**WHAT YOU WILL DO:**
All that should appear is the line containing "this 1728×1728 image." and the lines after it in the records below, each reproduced exactly.
[Opening DATA FOR THIS EXERCISE section]
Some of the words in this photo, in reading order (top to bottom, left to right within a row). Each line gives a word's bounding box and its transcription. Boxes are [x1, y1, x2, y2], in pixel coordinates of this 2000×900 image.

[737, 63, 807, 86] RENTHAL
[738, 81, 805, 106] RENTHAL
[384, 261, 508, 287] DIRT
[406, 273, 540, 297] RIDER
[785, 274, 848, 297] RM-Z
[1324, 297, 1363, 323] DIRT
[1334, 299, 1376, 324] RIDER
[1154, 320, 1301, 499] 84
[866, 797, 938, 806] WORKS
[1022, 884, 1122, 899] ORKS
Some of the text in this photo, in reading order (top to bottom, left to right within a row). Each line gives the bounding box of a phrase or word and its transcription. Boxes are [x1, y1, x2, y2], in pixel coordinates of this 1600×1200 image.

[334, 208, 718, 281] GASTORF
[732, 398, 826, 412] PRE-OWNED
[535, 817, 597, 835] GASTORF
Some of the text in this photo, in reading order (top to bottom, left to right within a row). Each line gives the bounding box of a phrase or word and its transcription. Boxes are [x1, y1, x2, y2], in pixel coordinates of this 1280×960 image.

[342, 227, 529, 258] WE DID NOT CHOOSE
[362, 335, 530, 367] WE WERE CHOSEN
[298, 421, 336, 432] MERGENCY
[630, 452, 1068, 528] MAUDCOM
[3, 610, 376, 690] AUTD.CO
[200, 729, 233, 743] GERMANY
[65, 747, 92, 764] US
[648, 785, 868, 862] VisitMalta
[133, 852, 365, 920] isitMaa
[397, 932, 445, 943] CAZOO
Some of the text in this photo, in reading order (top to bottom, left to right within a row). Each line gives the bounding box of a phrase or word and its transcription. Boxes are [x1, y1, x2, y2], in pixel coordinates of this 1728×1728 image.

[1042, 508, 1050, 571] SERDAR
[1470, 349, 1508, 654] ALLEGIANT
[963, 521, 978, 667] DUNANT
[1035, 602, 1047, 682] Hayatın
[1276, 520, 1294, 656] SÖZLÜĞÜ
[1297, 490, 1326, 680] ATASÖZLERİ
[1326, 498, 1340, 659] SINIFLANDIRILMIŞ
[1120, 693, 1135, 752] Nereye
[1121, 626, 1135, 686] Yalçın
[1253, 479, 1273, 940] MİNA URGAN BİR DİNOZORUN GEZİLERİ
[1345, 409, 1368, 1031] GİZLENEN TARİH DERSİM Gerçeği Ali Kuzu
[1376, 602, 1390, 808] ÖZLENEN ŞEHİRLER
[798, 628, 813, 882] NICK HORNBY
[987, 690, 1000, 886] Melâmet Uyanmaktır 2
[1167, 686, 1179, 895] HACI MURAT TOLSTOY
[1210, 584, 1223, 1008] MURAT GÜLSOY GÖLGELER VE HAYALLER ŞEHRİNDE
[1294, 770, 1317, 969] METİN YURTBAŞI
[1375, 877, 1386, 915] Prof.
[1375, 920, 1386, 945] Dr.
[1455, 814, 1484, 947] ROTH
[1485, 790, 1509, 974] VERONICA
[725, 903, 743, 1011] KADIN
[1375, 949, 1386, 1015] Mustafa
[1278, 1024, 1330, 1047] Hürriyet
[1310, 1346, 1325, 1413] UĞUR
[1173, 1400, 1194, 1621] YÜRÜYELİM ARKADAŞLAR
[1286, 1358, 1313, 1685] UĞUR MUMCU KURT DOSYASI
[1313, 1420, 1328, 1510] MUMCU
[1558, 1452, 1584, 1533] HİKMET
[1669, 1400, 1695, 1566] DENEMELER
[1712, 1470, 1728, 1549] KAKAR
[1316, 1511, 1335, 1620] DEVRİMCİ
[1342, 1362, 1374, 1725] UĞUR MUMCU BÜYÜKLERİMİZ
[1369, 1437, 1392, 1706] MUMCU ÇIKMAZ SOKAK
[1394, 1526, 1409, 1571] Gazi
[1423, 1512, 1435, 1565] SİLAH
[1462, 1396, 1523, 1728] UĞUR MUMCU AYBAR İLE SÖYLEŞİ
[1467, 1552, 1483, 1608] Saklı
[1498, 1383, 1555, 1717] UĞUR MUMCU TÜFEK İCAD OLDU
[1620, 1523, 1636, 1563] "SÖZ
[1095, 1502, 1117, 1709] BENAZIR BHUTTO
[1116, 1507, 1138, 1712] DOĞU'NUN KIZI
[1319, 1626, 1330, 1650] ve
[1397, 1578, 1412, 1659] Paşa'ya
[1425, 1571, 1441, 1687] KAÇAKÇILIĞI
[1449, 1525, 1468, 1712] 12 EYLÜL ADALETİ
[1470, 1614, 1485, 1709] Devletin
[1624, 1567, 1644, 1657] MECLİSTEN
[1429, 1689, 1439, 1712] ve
[Closing DATA FOR THIS EXERCISE section]
**SOLUTION TO THIS PROBLEM:**
Some of the text in this photo, in reading order (top to bottom, left to right within a row). Each line gives the bounding box of a phrase or word and its transcription. Boxes are [x1, y1, x2, y2], in pixel coordinates of this 1728×1728 image.

[1042, 508, 1050, 571] SERDAR
[1470, 349, 1508, 654] ALLEGIANT
[963, 521, 978, 667] DUNANT
[1035, 602, 1047, 682] Hayatın
[1276, 520, 1294, 656] SÖZLÜĞÜ
[1297, 490, 1326, 680] ATASÖZLERİ
[1326, 498, 1340, 659] SINIFLANDIRILMIŞ
[1120, 693, 1135, 752] Nereye
[1121, 626, 1135, 686] Yalçın
[1253, 479, 1273, 940] MİNA URGAN BİR DİNOZORUN GEZİLERİ
[1345, 409, 1368, 1031] GİZLENEN TARİH DERSİM Gerçeği Ali Kuzu
[1376, 602, 1390, 808] ÖZLENEN ŞEHİRLER
[798, 628, 813, 882] NICK HORNBY
[987, 690, 1000, 886] Melâmet Uyanmaktır 2
[1167, 686, 1179, 895] HACI MURAT TOLSTOY
[1210, 584, 1223, 1008] MURAT GÜLSOY GÖLGELER VE HAYALLER ŞEHRİNDE
[1294, 770, 1317, 969] METİN YURTBAŞI
[1375, 877, 1386, 915] Prof.
[1375, 920, 1386, 945] Dr.
[1455, 814, 1484, 947] ROTH
[1485, 790, 1509, 974] VERONICA
[725, 903, 743, 1011] KADIN
[1375, 949, 1386, 1015] Mustafa
[1278, 1024, 1330, 1047] Hürriyet
[1310, 1346, 1325, 1413] UĞUR
[1173, 1400, 1194, 1621] YÜRÜYELİM ARKADAŞLAR
[1286, 1358, 1313, 1685] UĞUR MUMCU KURT DOSYASI
[1313, 1420, 1328, 1510] MUMCU
[1558, 1452, 1584, 1533] HİKMET
[1669, 1400, 1695, 1566] DENEMELER
[1712, 1470, 1728, 1549] KAKAR
[1316, 1511, 1335, 1620] DEVRİMCİ
[1342, 1362, 1374, 1725] UĞUR MUMCU BÜYÜKLERİMİZ
[1369, 1437, 1392, 1706] MUMCU ÇIKMAZ SOKAK
[1394, 1526, 1409, 1571] Gazi
[1423, 1512, 1435, 1565] SİLAH
[1462, 1396, 1523, 1728] UĞUR MUMCU AYBAR İLE SÖYLEŞİ
[1467, 1552, 1483, 1608] Saklı
[1498, 1383, 1555, 1717] UĞUR MUMCU TÜFEK İCAD OLDU
[1620, 1523, 1636, 1563] "SÖZ
[1095, 1502, 1117, 1709] BENAZIR BHUTTO
[1116, 1507, 1138, 1712] DOĞU'NUN KIZI
[1319, 1626, 1330, 1650] ve
[1397, 1578, 1412, 1659] Paşa'ya
[1425, 1571, 1441, 1687] KAÇAKÇILIĞI
[1449, 1525, 1468, 1712] 12 EYLÜL ADALETİ
[1470, 1614, 1485, 1709] Devletin
[1624, 1567, 1644, 1657] MECLİSTEN
[1429, 1689, 1439, 1712] ve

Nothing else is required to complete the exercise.